Replace the PriorityQueueList constructor with the following code:

PriorityQueueList({List<E>? elements, Priority priority = Priority.max}) {
  _priority = priority;
  _elements = elements ?? [];
  _elements.sort((a, b) => _compareByPriority(a, b));
}

int _compareByPriority(E a, E b) {
  if (_priority == Priority.max) {
    return a.compareTo(b);
  }
  return b.compareTo(a);
}

_compareByPriority returns an int following the requirements of the list’s sort function. Just like you’ve seen before with Comparable values, a comparison result of 1 means the first value is larger, -1 means the second is larger, and 0 means they’re equal. The sort algorithm in Dart has a time complexity of O(n log n) for large lists.

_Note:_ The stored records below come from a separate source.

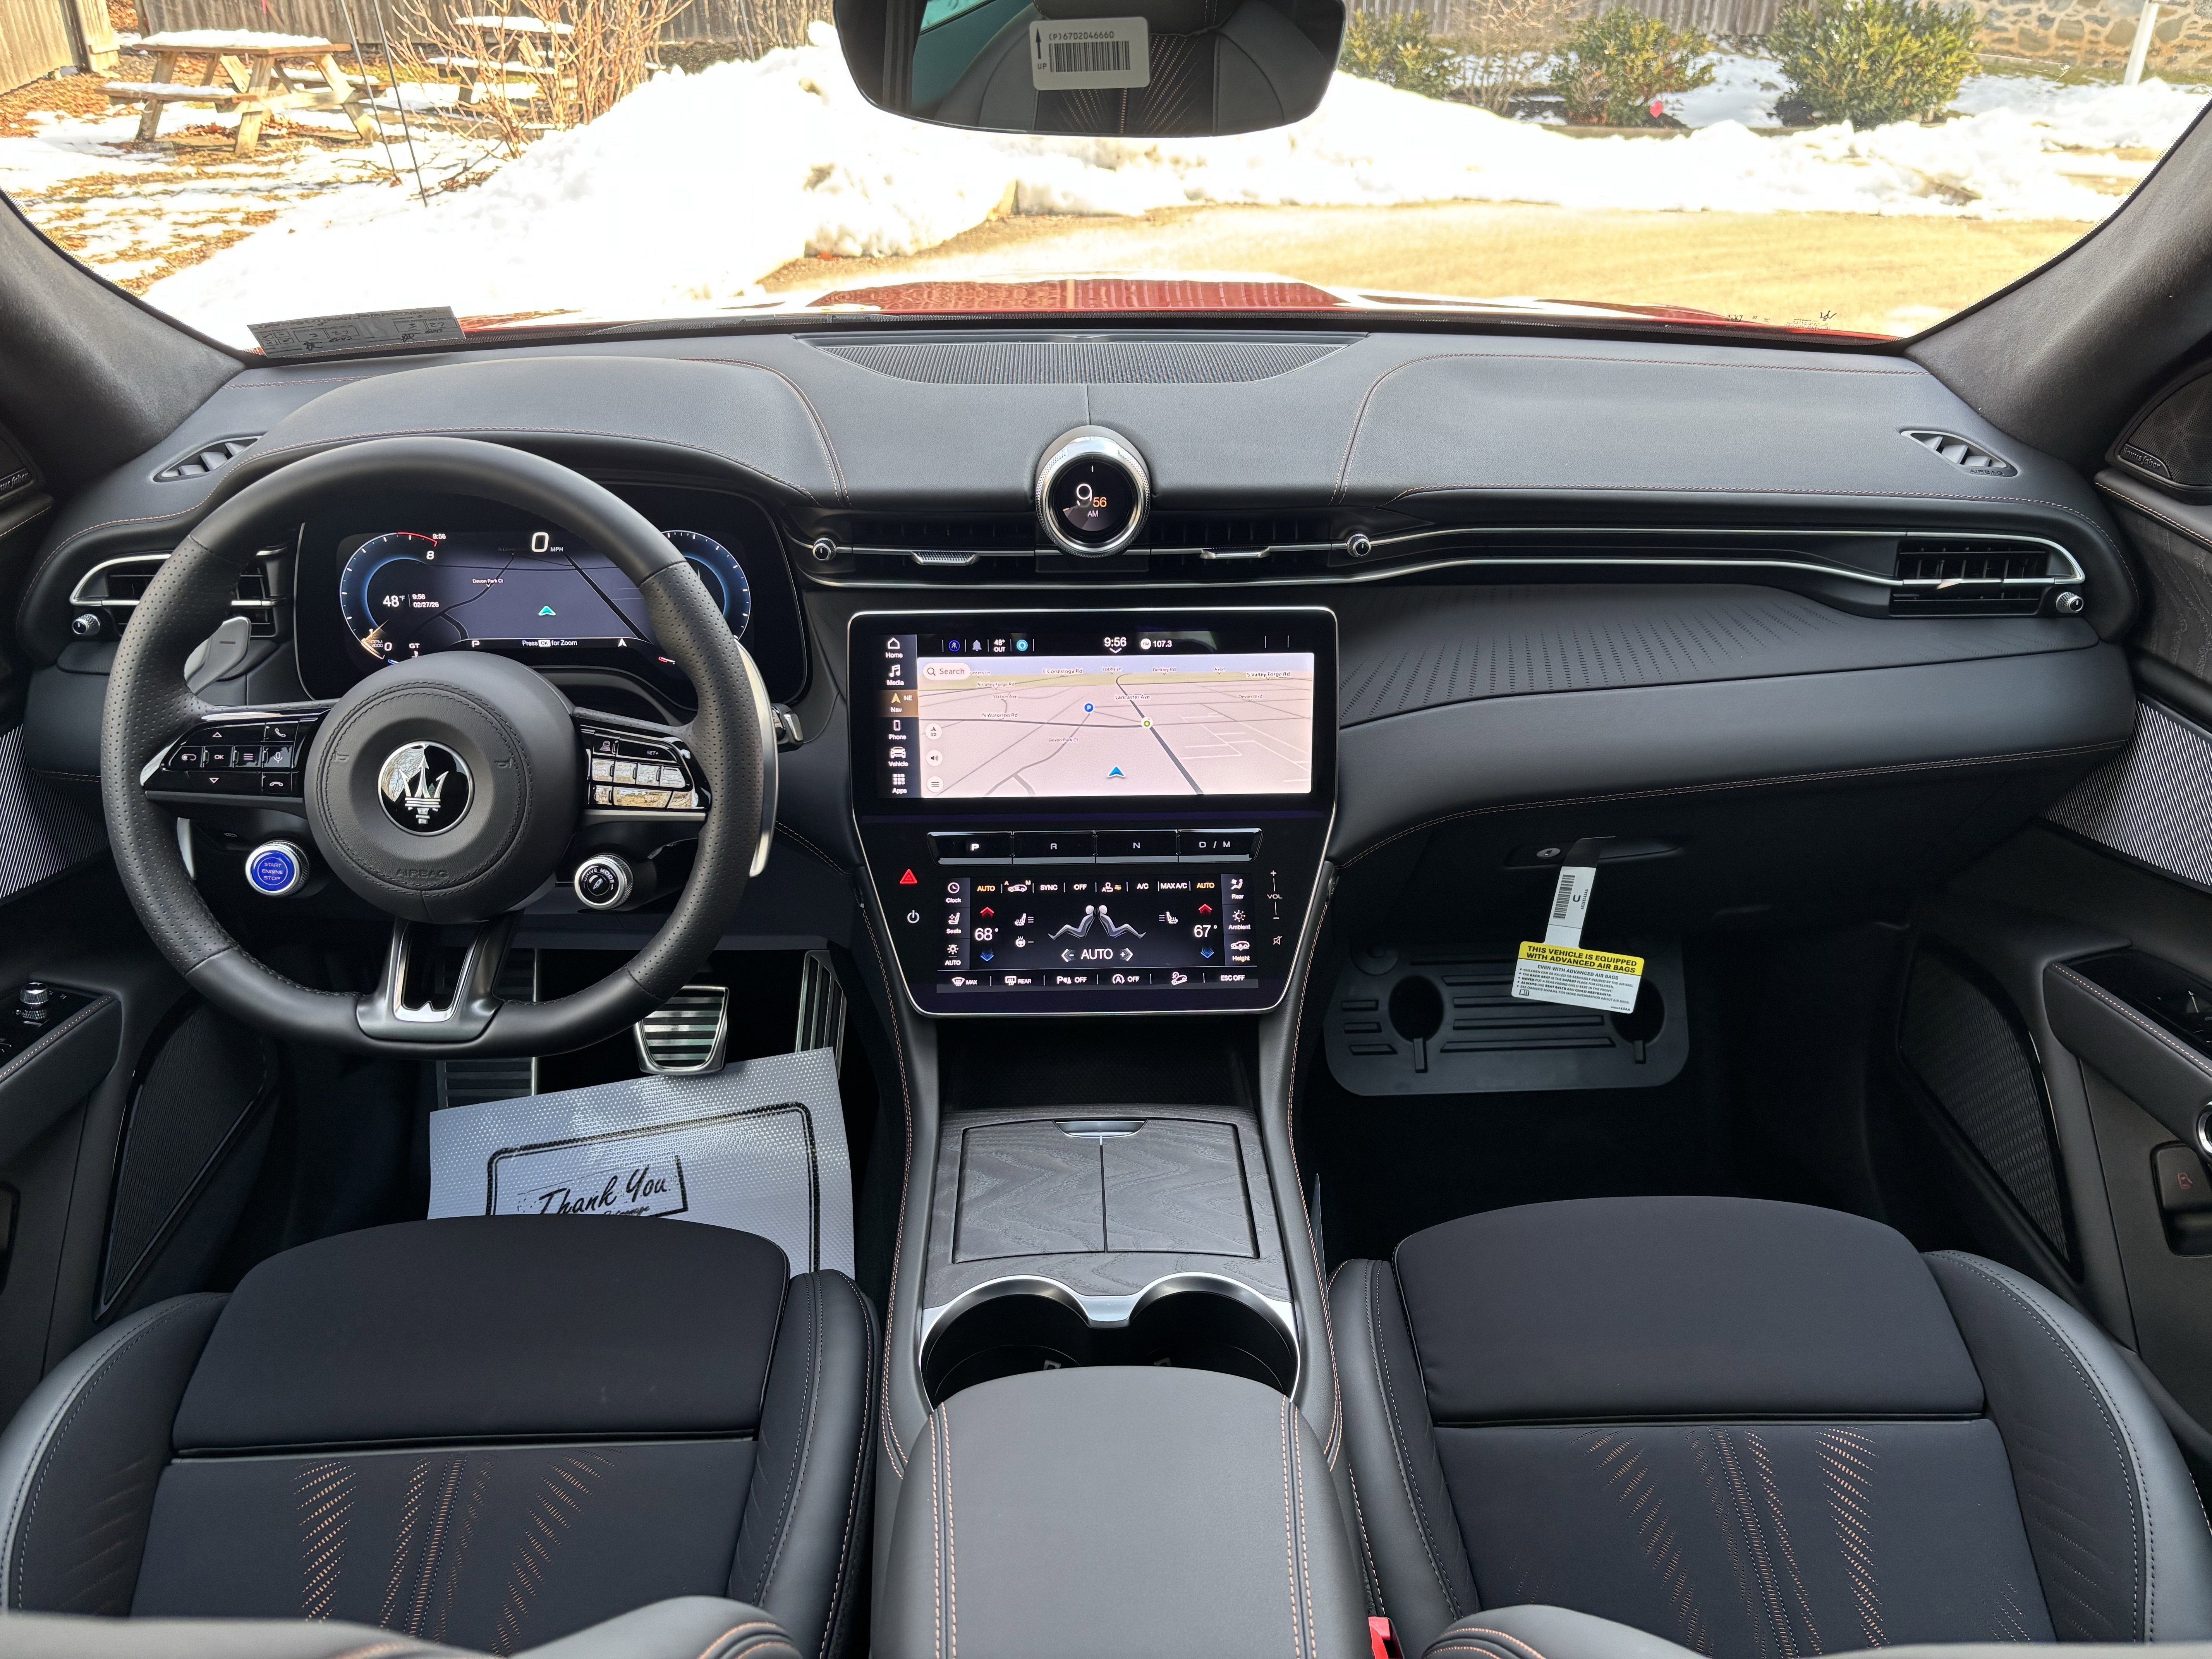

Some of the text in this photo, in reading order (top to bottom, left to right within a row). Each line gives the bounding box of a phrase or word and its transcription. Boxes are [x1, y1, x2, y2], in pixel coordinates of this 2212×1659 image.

[1076, 483, 1092, 501] 9
[1093, 497, 1107, 507] 56
[531, 532, 549, 553] 0
[426, 551, 434, 560] 8
[384, 642, 392, 651] 0
[1104, 637, 1127, 647] 9:56
[397, 869, 449, 879] AIRBAG
[600, 868, 615, 883] MODE
[1081, 948, 1113, 960] AUTO
[1527, 945, 1546, 953] THIS
[1548, 948, 1583, 958] VEHICLE
[1595, 955, 1637, 966] EQUIPPED
[1549, 955, 1595, 967] ADVANCED
[1613, 965, 1636, 973] BAGS
[539, 1175, 618, 1214] Thank

Implementing isEmpty and peek

Add the following methods to begin implementing the Queue interface:

@override
bool get isEmpty => _elements.isEmpty;

@override
E? get peek => (isEmpty) ? null : _elements.last;

Since the high priority side is the end of the list, peeking returns the last element.

Implementing enqueue

Next, add the enqueue method:

@override
bool enqueue(E element) {
  // 1
  for (int i = 0; i < _elements.length; i++) {
    // 2
    if (_compareByPriority(element, _elements[i]) < 0) {
      // 3
      _elements.insert(i, element);
      return true;
    }
  }
  // 4
  _elements.add(element);
  return true;
}

To enqueue an element in a list-based priority queue, perform the following tasks:

  1. Start at the low priority end of the list and loop through every element.
  2. Check to see if the element you’re adding has an even lower priority than the current element.
  3. If it does, insert the new element at the current index.
  4. If you get to the end of the list, that means every other element was lower priority. Add the new element to the end of the list as the new highest priority element.

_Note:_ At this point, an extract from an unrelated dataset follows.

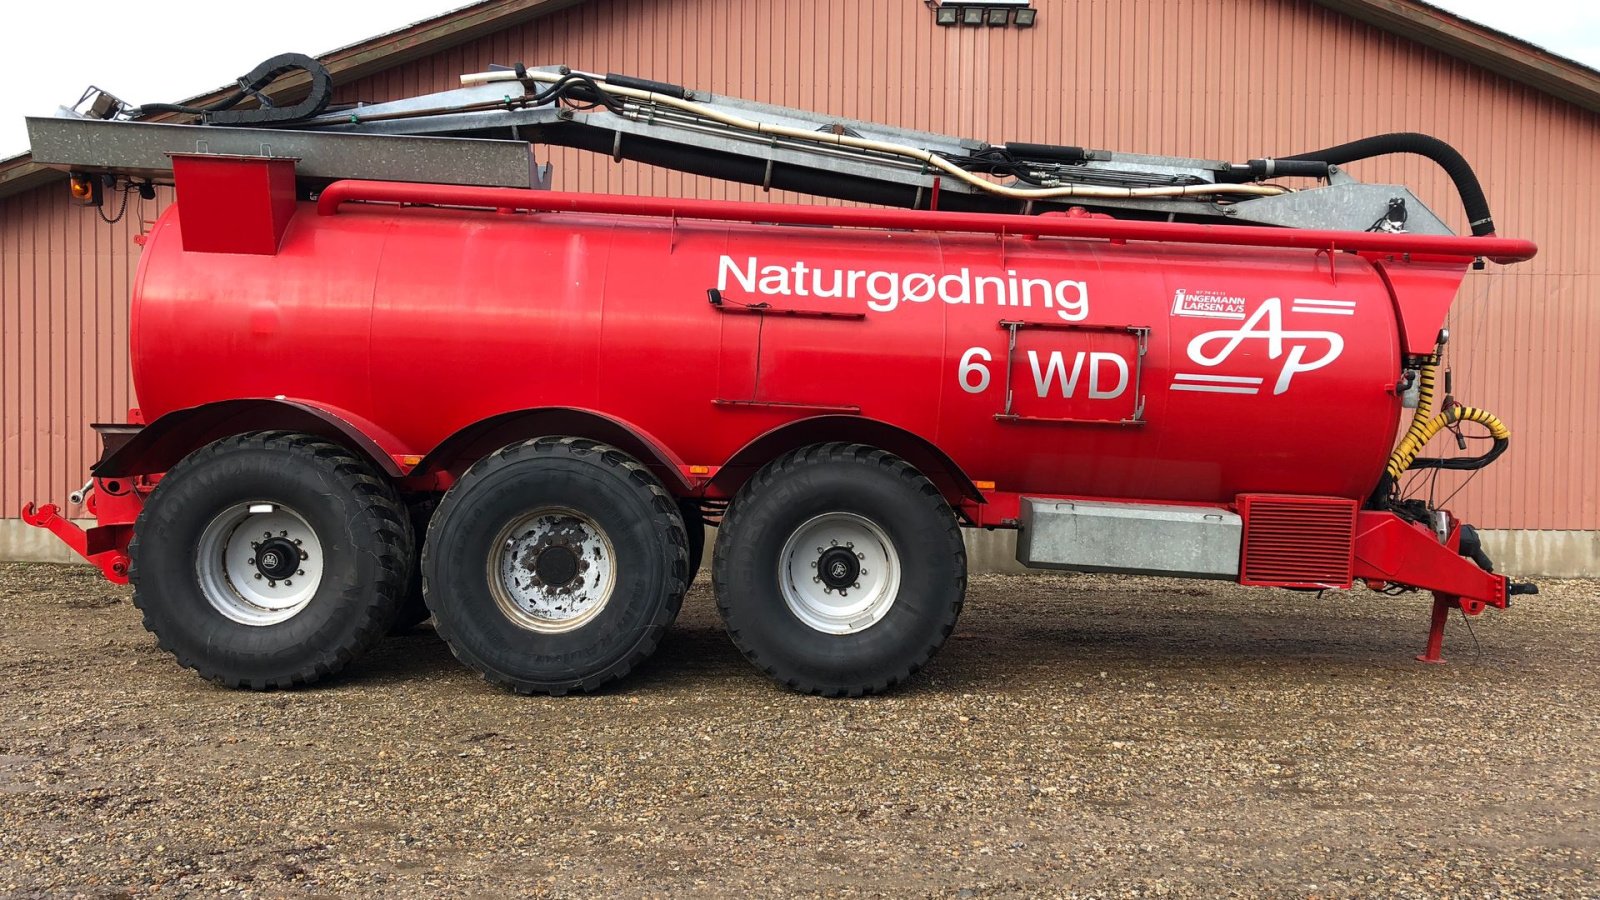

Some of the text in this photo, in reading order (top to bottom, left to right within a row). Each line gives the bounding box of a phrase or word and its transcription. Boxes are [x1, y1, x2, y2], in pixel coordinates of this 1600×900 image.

[716, 254, 1091, 322] Naturgødning
[1183, 302, 1224, 312] LARSEN
[958, 346, 1129, 399] 6 WD
[1187, 296, 1345, 396] AP

This method has an overall time complexity of O(n) since you have to go through every element to check the priority against the new element you’re adding. Also, if you’re inserting in between elements in the list, you have to shift all of the remaining elements to the right by one.

Note

Since you’re working with a sorted list, you could improve the efficiency of this algorithm by using the binary search that you learned about in Chapter 12. Insertion would still be O(n) in the worst case, but at least the search part would be O(log n).

Implementing dequeue

Next add the dequeue method:

@override
E? dequeue() => isEmpty ? null : _elements.removeLast();

Here is where the benefit of putting the high priority elements at the end of the list comes in. removeLast is O(1) since you don’t have to shift anything, so that makes dequeue also O(1). That’s even better than the heap implementation!

Making the Queue Printable

Finally, override toString so that you can print your priority queue in a friendly format:

@override
String toString() => _elements.toString();

Alternatively, if you wanted to hide the fact that the high-priority items are at the end, then you could reverse the list with _elements.reversed.

There you have it! A list-based priority queue.

Testing it Out

To test out the priority queue, run the following in main:

final priorityQueue = PriorityQueueList(
  elements: [1, 12, 3, 4, 1, 6, 8, 7],
);
print(priorityQueue);
priorityQueue.enqueue(5);
priorityQueue.enqueue(0);
priorityQueue.enqueue(10);
print(priorityQueue);
while (!priorityQueue.isEmpty) {
  print(priorityQueue.dequeue());
}

You should see the output below:

[1, 1, 3, 4, 6, 7, 8, 12]
[0, 1, 1, 3, 4, 5, 6, 7, 8, 10, 12]
12
10
8
7
6
5
4
3
1
1
0

This challenge was an exercise in implementing an interface from scratch. However, because of the slowness of enqueuing elements, you probably wouldn’t want to use your PriorityQueueList in a real project. The heap implementation performs better overall. On the other hand, if you have an application where you need dequeuing to be O(1) and you don’t care about enqueuing time, the list-based implementation might be the better choice.